On July 22, Mark Thierman, a labor lawyer in Reno, Nevada, filed a complaint against LPL Financial for violating New York State overtime laws by not paying its reps overtime wages. The complaint, which Thierman is requesting become a class action case, is on behalf of all New York based LPL advisors retained by LPL within the last six years who worked in banks, credit unions and other financial institutions and were paid as independent contractors. Thierman estimates there are about 3,000 such LPL reps in the country and about 1,000 in New York.
Unlike Thierman’s overtime cases against wirehouses like Citigroup Smith Barney, Merrill Lynch, Morgan Stanley and UBS, where the brokers are employees of the firm, the FAs he is arguing for this time around are independent contractors—not employees. In which case, Thierman’s first and foremost argument in the complaint, which was filed in the U.S. District Court in the Southern District of California, is that these LPL brokers are not independent contractors at all. He argues that the reps are misclassified and that LPL has too much control over the reps for them to be independent contractors.
LPL says it has not received or reviewed the complaint and therefore could not comment. On June 4, LPL filed Form S-1 with the SEC stating its intent to become a public company.
Thierman says, “I realize that the broker who makes up his own name, hires his own staff and can pick up his book of business and move easily to another broker/dealer is probably an independent contractor. But for the LPL reps who work in banks and are told by the managers what to wear, when to show up to work, how to talk and not talk to customers, there is nothing independent contractor about them.”
The complaint reads, “The time of work were set by LPL managers to the schedules dictated by either banks in which the employees were located, or whatever the LPL manager decided was in the best interest of LPL.”
Scott Smith, associate director at Cerulli, says, “In these types of set ups, the bank typically has the option of how much control it has in the relationship; how the rep is branded, whether it wants the rep to appear as part of the bank or not, and what time the rep should be there.” He adds, “The hours are a big deal. Independent contractors are supposed to work when they want to work. Other than being paid on a 1099 form, everything else for these types of advisors seems to fall into the circumstances of an employee.”

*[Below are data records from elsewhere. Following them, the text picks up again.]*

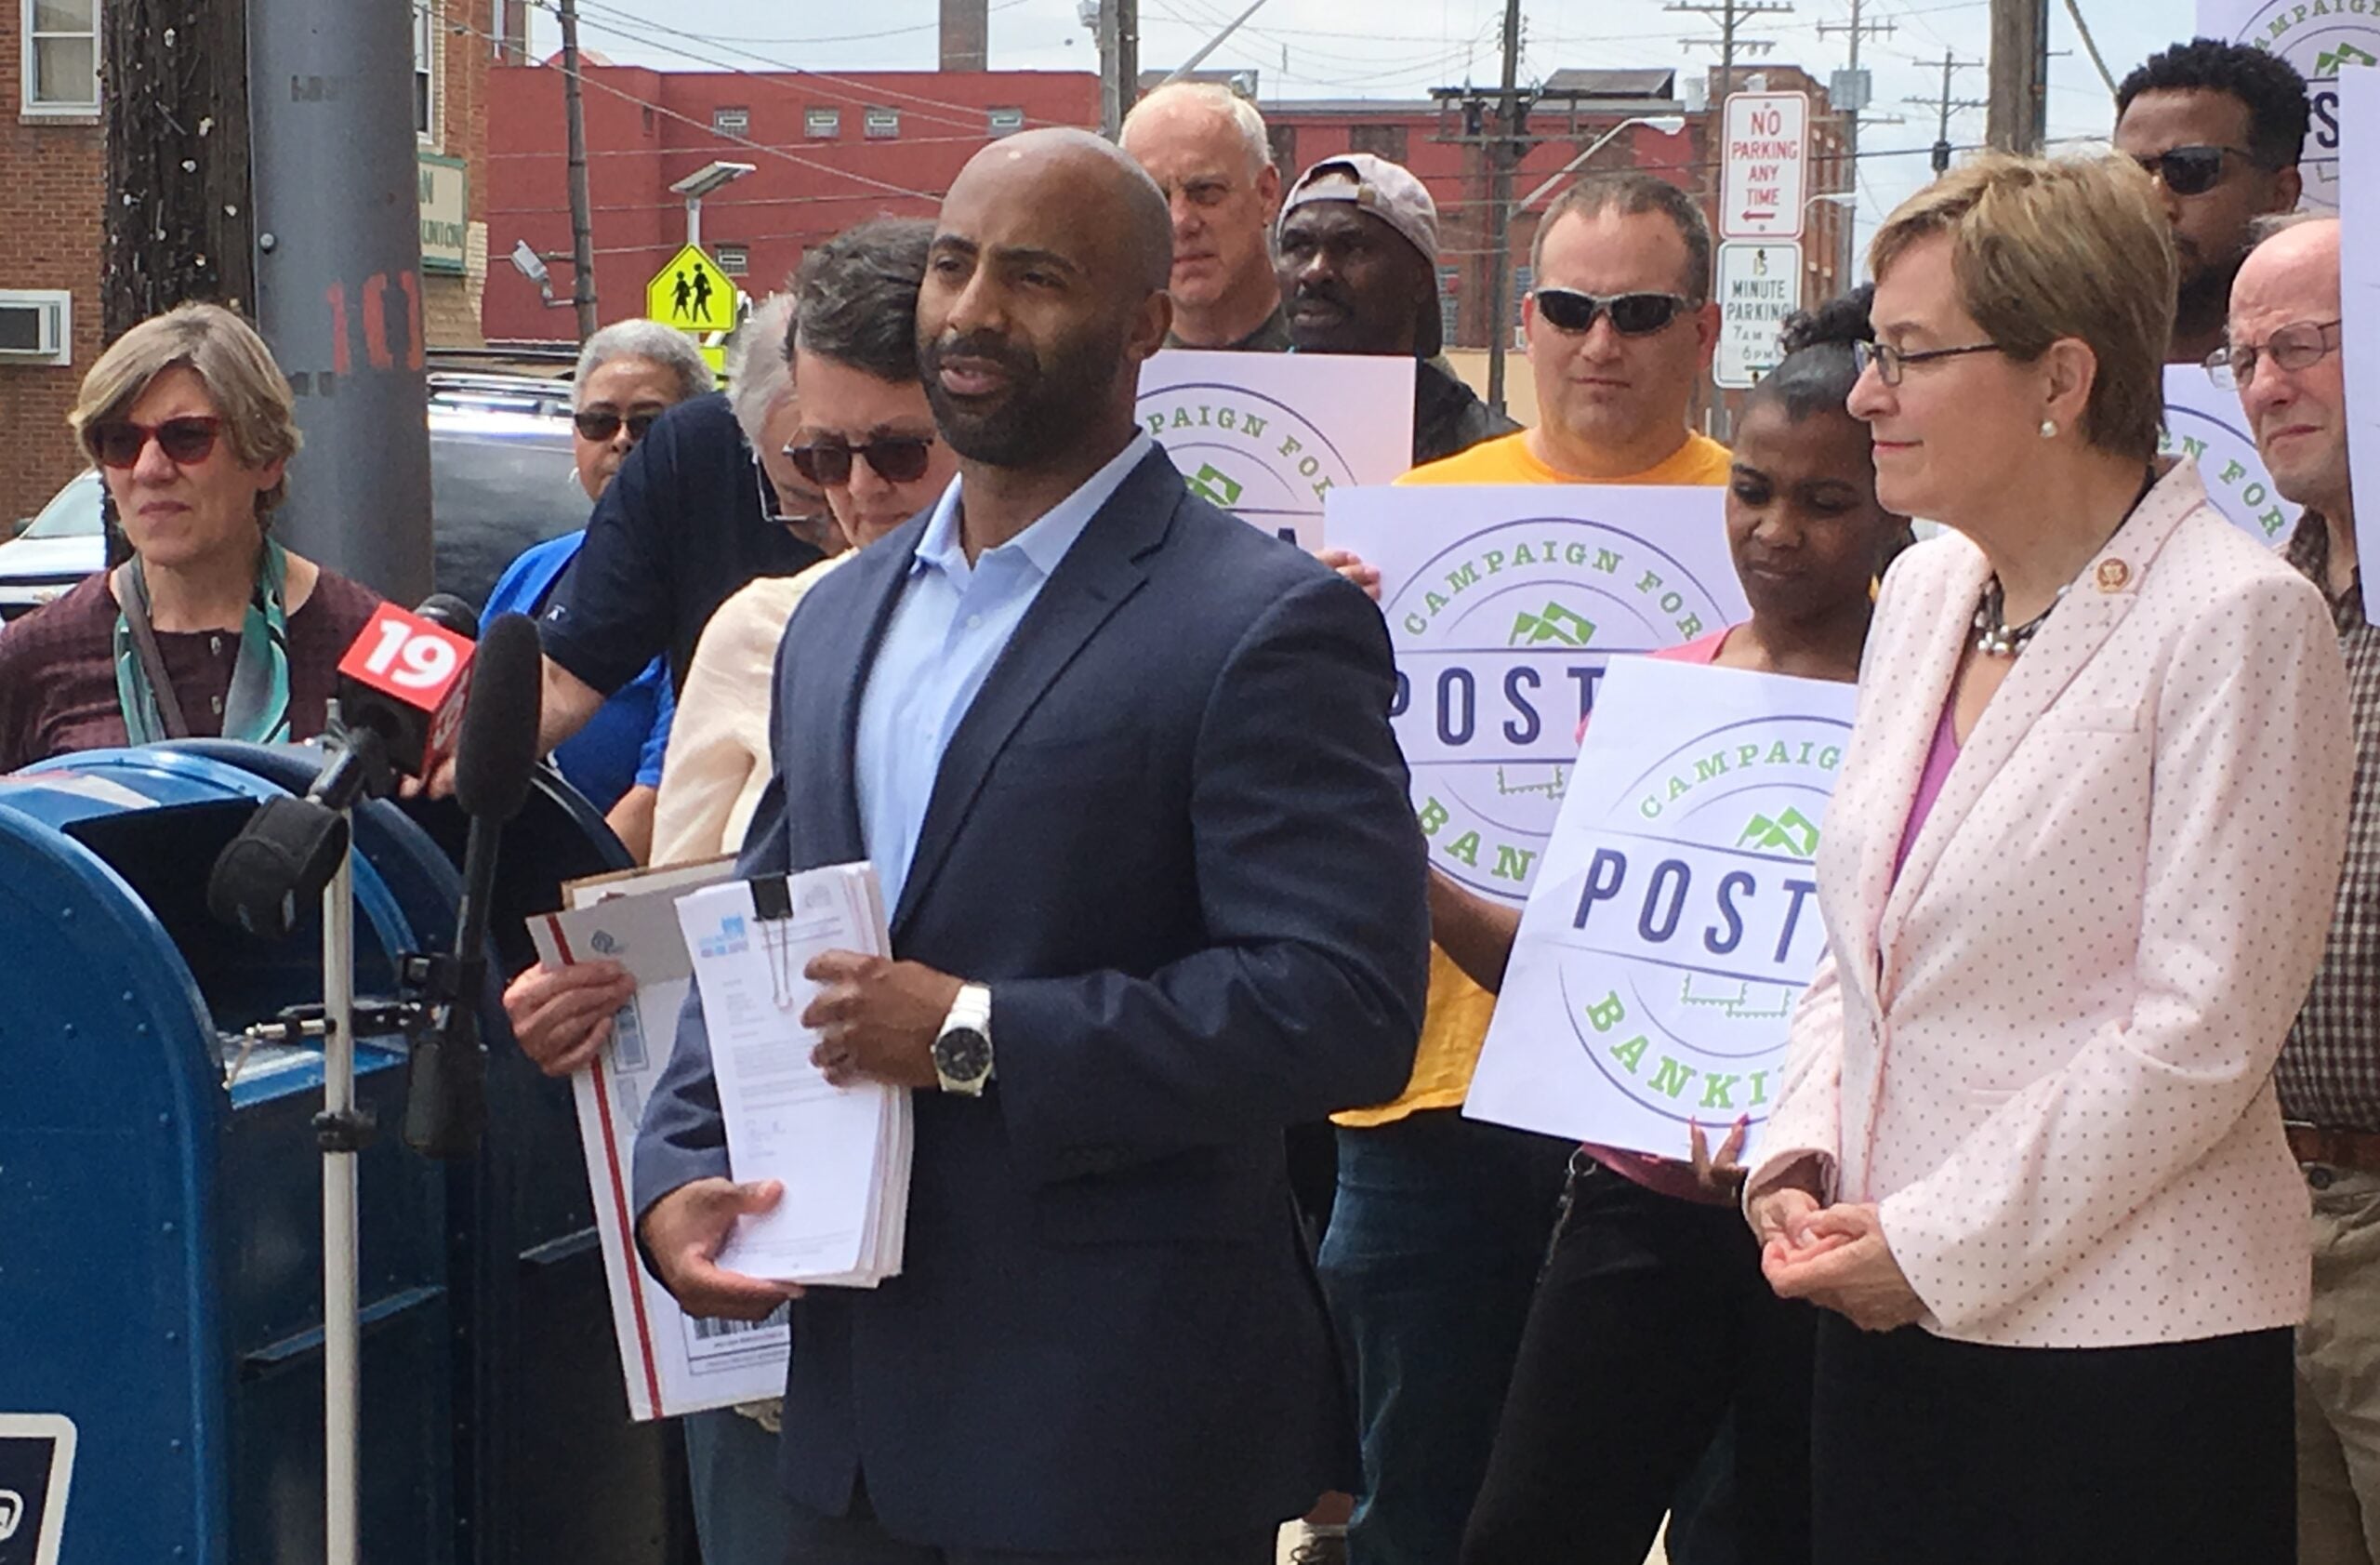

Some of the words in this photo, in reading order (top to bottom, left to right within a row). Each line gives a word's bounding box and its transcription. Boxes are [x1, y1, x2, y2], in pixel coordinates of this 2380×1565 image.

[1751, 111, 1781, 136] NO
[1731, 140, 1798, 160] PARKING
[1748, 165, 1780, 182] ANY
[1746, 188, 1780, 206] TIME
[1732, 279, 1786, 299] MINUTE
[1726, 302, 1792, 322] PARKING
[2218, 458, 2286, 538] FOR
[1403, 539, 1624, 635] CAMPAIGN
[1634, 570, 1703, 641] FOR
[364, 618, 458, 689] 19
[1572, 847, 1831, 965] POST
[1585, 989, 1785, 1109] BANKI
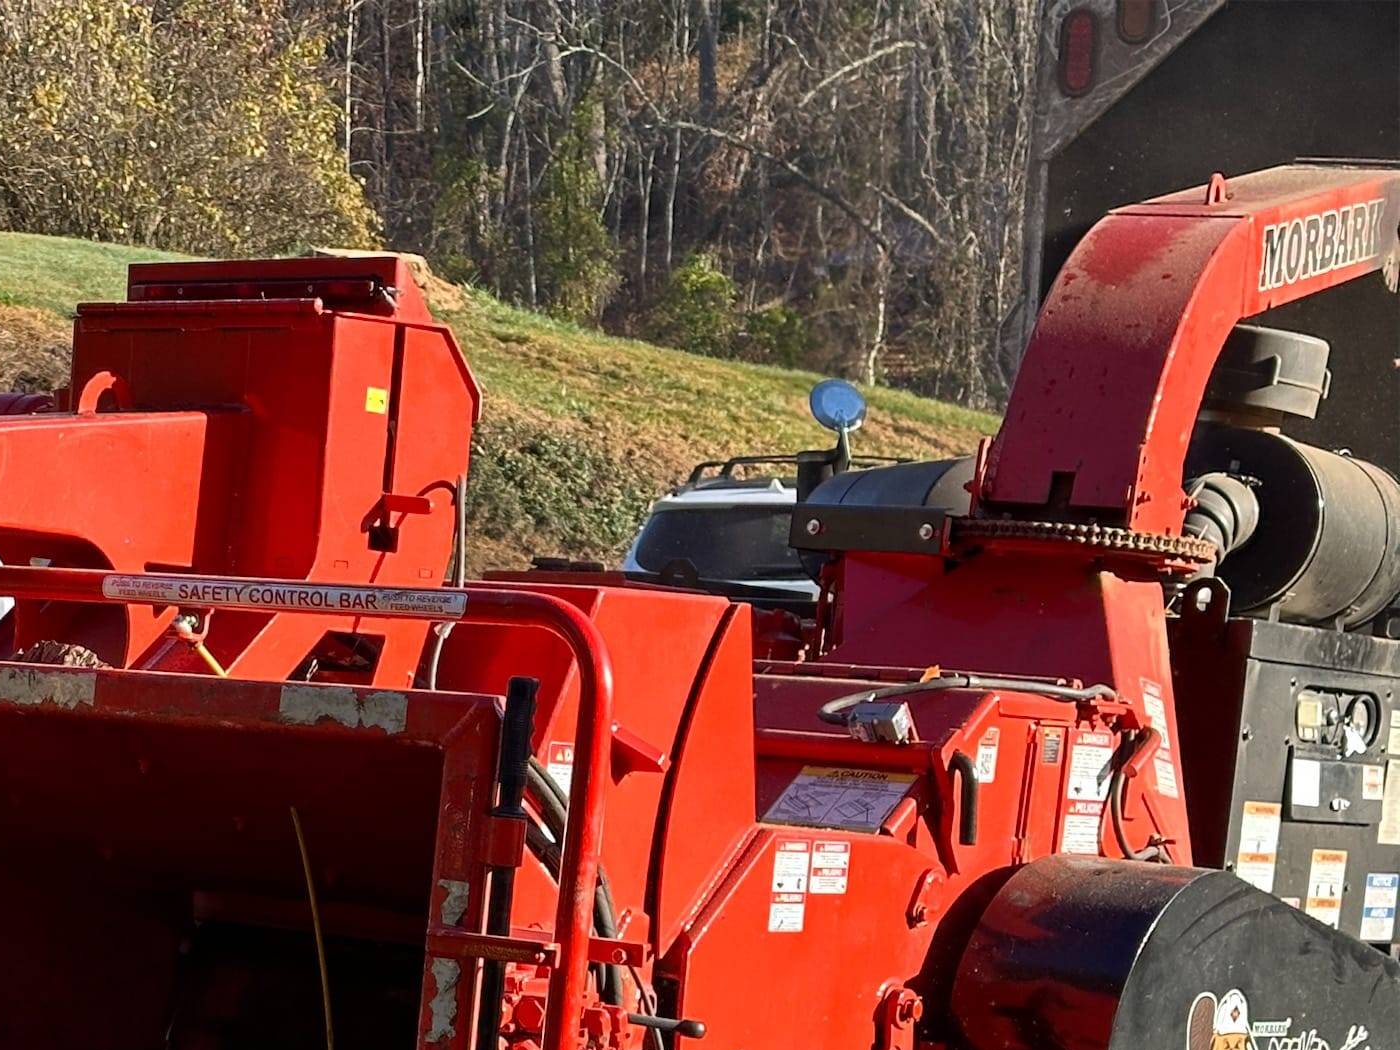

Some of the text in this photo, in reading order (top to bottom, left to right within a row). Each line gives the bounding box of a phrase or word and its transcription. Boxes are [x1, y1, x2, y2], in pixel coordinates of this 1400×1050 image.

[1258, 198, 1385, 292] MORBARK
[178, 584, 378, 610] SAFETY CONTROL BAR
[840, 770, 888, 781] CAUTION

The complaint lists eleven ways LPL controls its independent contractor reps including, “LPL possesses the complete authority to hire and fire these independent contractors; LPL is liable for its financial advisors’ acts and omissions; LPL is responsible for monitoring and supervising the financial advisors’ work; LPL approves all trades and business written by the financial advisors; revenue generated by the advisors is first paid to LPL before it is paid to any individual advisor.”
Smith says there are at least three other IBDs with a similar setup for their reps including PrimeVest of St. Cloud, MN, Tampa, FL-based Invest Financial Corporation, and Investment Centers of America in Bismarck, ND.